Start of RECORDS SUPPLIED

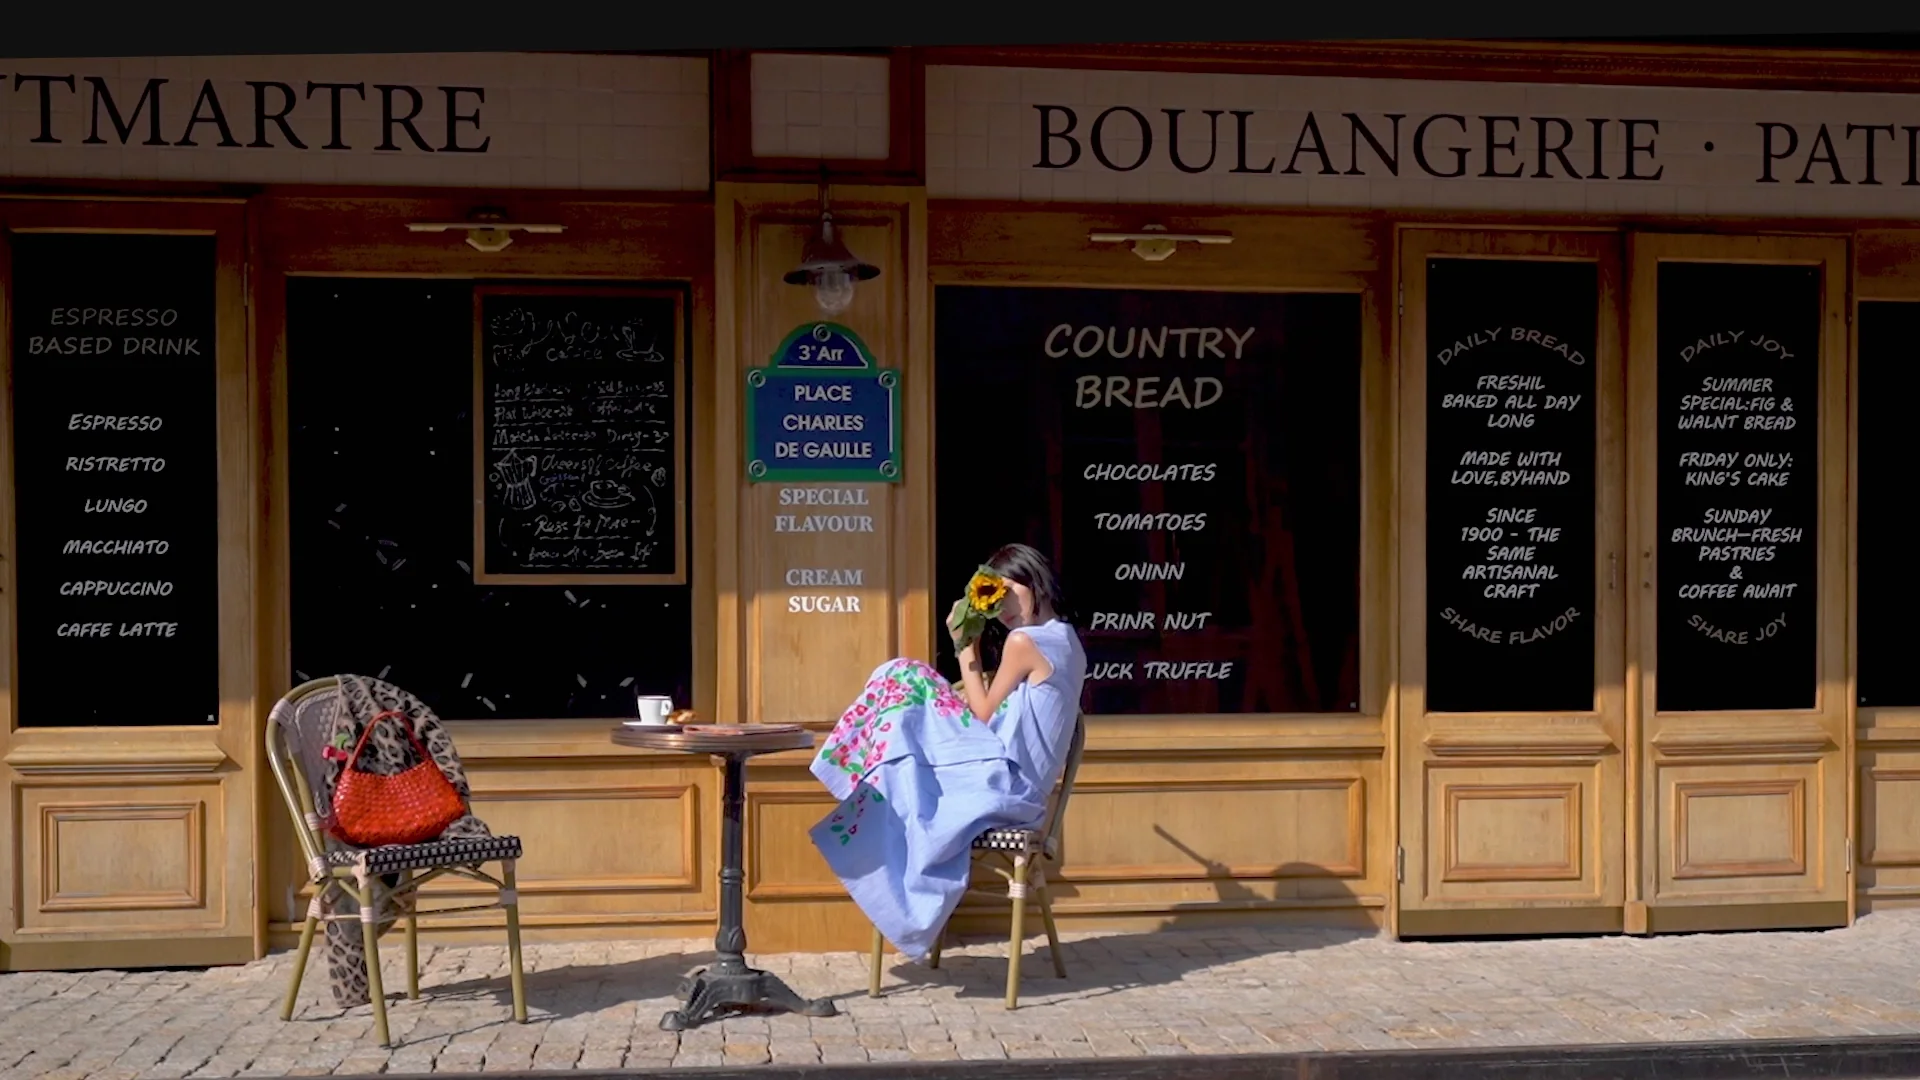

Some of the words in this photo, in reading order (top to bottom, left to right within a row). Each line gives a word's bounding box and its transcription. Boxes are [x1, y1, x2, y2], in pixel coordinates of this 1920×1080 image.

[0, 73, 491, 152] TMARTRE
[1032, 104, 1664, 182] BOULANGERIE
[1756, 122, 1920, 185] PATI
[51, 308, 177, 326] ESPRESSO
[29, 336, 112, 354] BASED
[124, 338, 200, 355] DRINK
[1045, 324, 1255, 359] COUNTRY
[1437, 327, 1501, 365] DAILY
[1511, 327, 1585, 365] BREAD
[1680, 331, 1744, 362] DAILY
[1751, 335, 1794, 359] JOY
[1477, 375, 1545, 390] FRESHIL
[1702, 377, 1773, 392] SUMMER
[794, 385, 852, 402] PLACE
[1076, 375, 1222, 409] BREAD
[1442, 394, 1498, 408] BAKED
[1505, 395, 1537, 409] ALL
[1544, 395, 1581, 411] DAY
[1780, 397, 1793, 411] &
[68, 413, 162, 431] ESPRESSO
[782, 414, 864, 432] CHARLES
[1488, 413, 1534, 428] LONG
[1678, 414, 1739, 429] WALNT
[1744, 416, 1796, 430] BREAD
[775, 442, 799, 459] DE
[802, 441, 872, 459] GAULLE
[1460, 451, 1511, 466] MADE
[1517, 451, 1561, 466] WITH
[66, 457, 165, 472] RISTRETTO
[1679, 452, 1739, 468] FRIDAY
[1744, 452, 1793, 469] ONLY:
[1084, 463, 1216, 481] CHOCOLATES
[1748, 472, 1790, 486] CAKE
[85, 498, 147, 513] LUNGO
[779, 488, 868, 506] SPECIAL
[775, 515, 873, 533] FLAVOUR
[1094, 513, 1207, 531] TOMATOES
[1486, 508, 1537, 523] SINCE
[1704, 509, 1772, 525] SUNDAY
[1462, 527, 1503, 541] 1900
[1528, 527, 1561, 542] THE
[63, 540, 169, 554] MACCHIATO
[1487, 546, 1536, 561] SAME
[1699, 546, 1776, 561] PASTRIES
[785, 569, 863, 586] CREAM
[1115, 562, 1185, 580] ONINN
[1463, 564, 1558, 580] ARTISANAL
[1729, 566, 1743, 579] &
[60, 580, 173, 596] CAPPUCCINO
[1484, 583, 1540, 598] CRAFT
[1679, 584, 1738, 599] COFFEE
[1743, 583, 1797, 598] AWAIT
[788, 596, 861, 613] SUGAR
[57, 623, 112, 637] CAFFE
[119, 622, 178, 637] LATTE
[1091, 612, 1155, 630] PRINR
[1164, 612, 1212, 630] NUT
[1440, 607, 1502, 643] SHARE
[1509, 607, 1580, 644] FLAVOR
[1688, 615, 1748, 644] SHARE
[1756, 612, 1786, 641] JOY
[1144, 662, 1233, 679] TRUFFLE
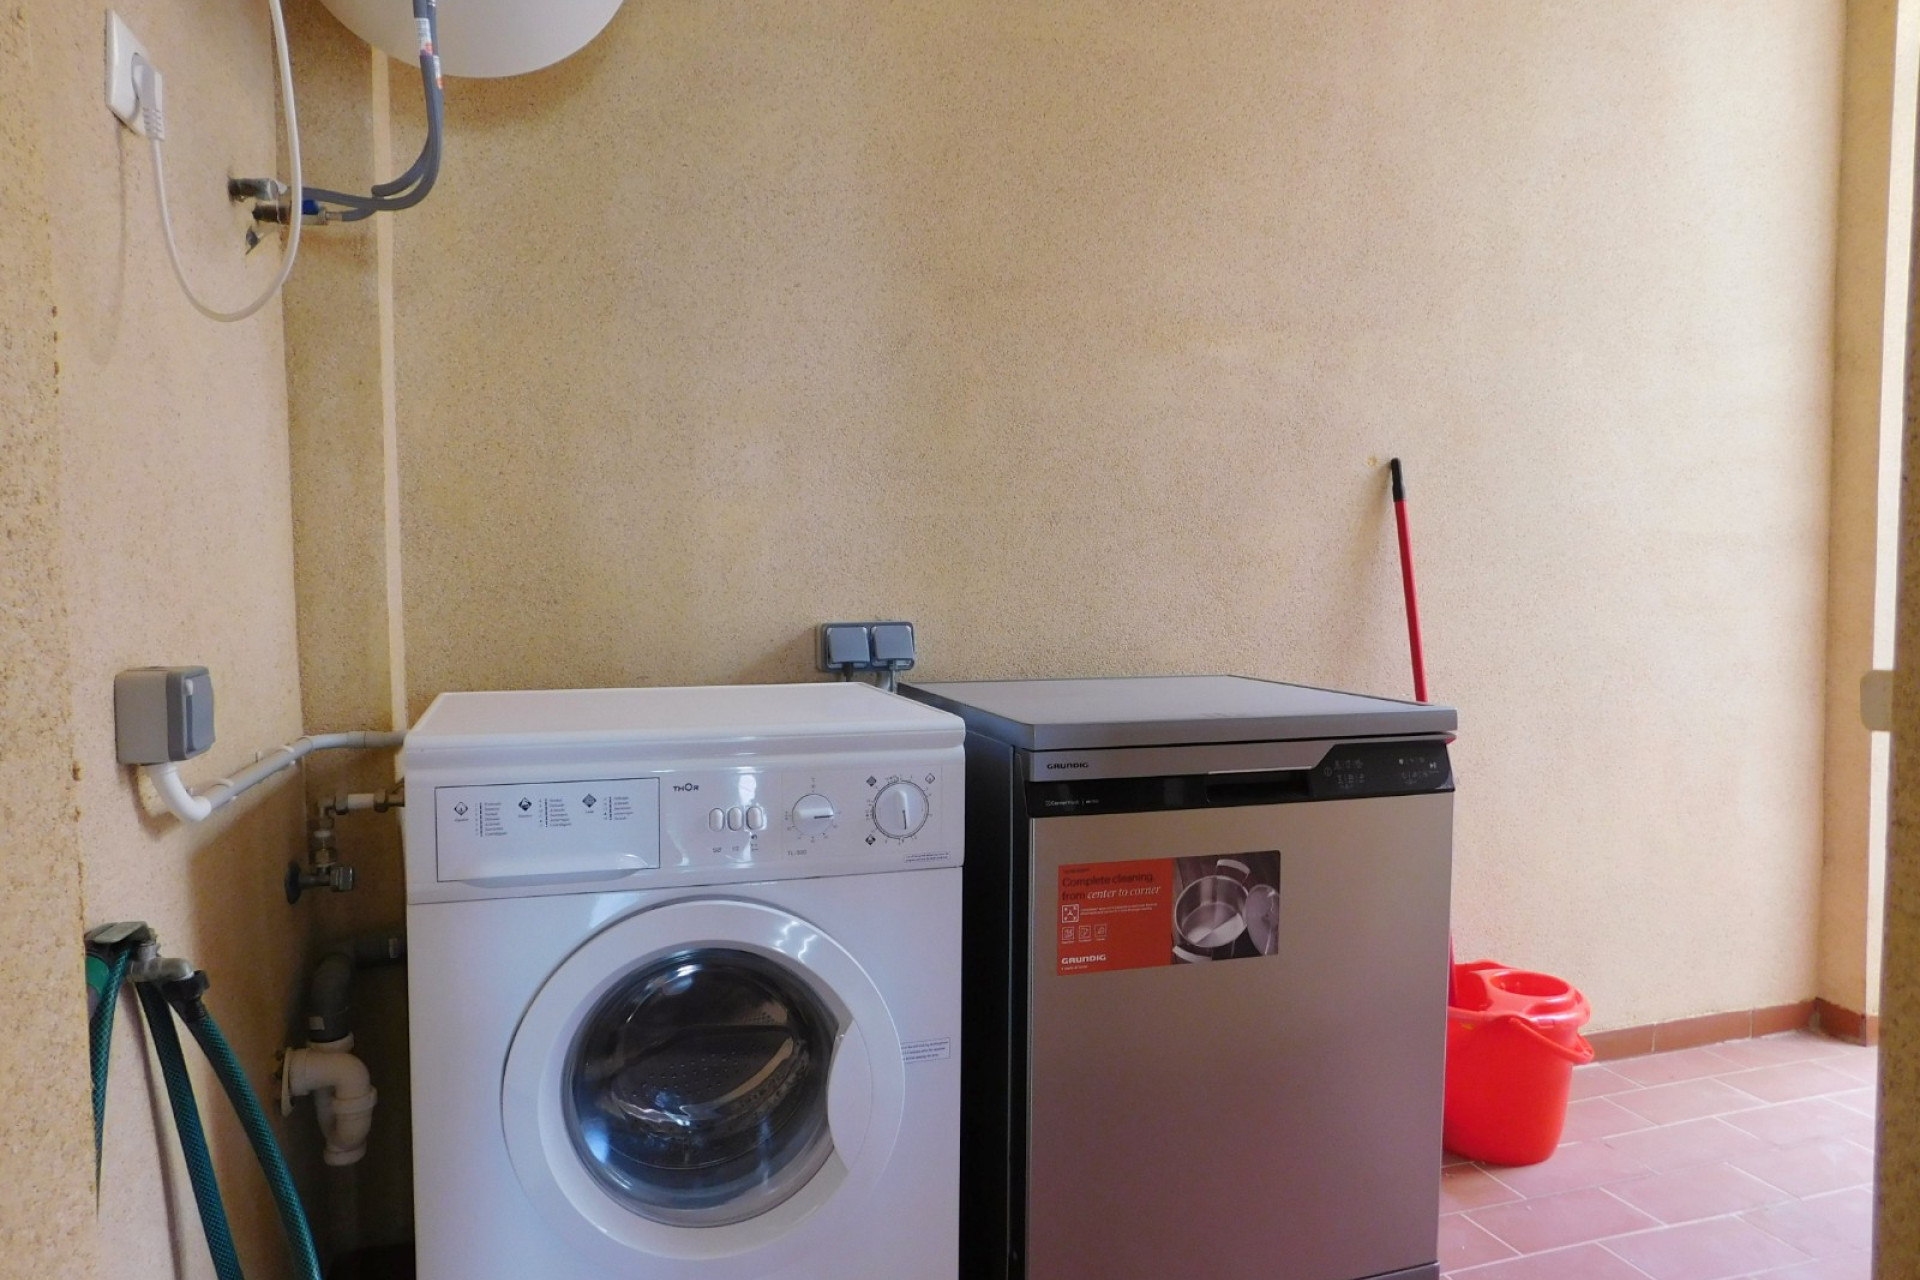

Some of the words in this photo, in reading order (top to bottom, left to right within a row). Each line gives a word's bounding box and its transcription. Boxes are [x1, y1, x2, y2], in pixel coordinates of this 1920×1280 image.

End of RECORDS SUPPLIED

EXERCISE BRIEF ::
Reproduce the whole listing above word for word, but not its pictures.

REPLY ::
Some of the words in this photo, in reading order (top to bottom, left to right within a row). Each line gives a word's bounding box and its transcription. Boxes are [x1, y1, x2, y2], in pixel coordinates of this 1920×1080 image.

[0, 73, 491, 152] TMARTRE
[1032, 104, 1664, 182] BOULANGERIE
[1756, 122, 1920, 185] PATI
[51, 308, 177, 326] ESPRESSO
[29, 336, 112, 354] BASED
[124, 338, 200, 355] DRINK
[1045, 324, 1255, 359] COUNTRY
[1437, 327, 1501, 365] DAILY
[1511, 327, 1585, 365] BREAD
[1680, 331, 1744, 362] DAILY
[1751, 335, 1794, 359] JOY
[1477, 375, 1545, 390] FRESHIL
[1702, 377, 1773, 392] SUMMER
[794, 385, 852, 402] PLACE
[1076, 375, 1222, 409] BREAD
[1442, 394, 1498, 408] BAKED
[1505, 395, 1537, 409] ALL
[1544, 395, 1581, 411] DAY
[1780, 397, 1793, 411] &
[68, 413, 162, 431] ESPRESSO
[782, 414, 864, 432] CHARLES
[1488, 413, 1534, 428] LONG
[1678, 414, 1739, 429] WALNT
[1744, 416, 1796, 430] BREAD
[775, 442, 799, 459] DE
[802, 441, 872, 459] GAULLE
[1460, 451, 1511, 466] MADE
[1517, 451, 1561, 466] WITH
[66, 457, 165, 472] RISTRETTO
[1679, 452, 1739, 468] FRIDAY
[1744, 452, 1793, 469] ONLY:
[1084, 463, 1216, 481] CHOCOLATES
[1748, 472, 1790, 486] CAKE
[85, 498, 147, 513] LUNGO
[779, 488, 868, 506] SPECIAL
[775, 515, 873, 533] FLAVOUR
[1094, 513, 1207, 531] TOMATOES
[1486, 508, 1537, 523] SINCE
[1704, 509, 1772, 525] SUNDAY
[1462, 527, 1503, 541] 1900
[1528, 527, 1561, 542] THE
[63, 540, 169, 554] MACCHIATO
[1487, 546, 1536, 561] SAME
[1699, 546, 1776, 561] PASTRIES
[785, 569, 863, 586] CREAM
[1115, 562, 1185, 580] ONINN
[1463, 564, 1558, 580] ARTISANAL
[1729, 566, 1743, 579] &
[60, 580, 173, 596] CAPPUCCINO
[1484, 583, 1540, 598] CRAFT
[1679, 584, 1738, 599] COFFEE
[1743, 583, 1797, 598] AWAIT
[788, 596, 861, 613] SUGAR
[57, 623, 112, 637] CAFFE
[119, 622, 178, 637] LATTE
[1091, 612, 1155, 630] PRINR
[1164, 612, 1212, 630] NUT
[1440, 607, 1502, 643] SHARE
[1509, 607, 1580, 644] FLAVOR
[1688, 615, 1748, 644] SHARE
[1756, 612, 1786, 641] JOY
[1144, 662, 1233, 679] TRUFFLE

Some of the words in this photo, in reading order (top to bottom, left to right within a row). Each line gives a word's bounding box and its transcription. Boxes are [x1, y1, x2, y2], in pixel coordinates of this 1920×1280 image.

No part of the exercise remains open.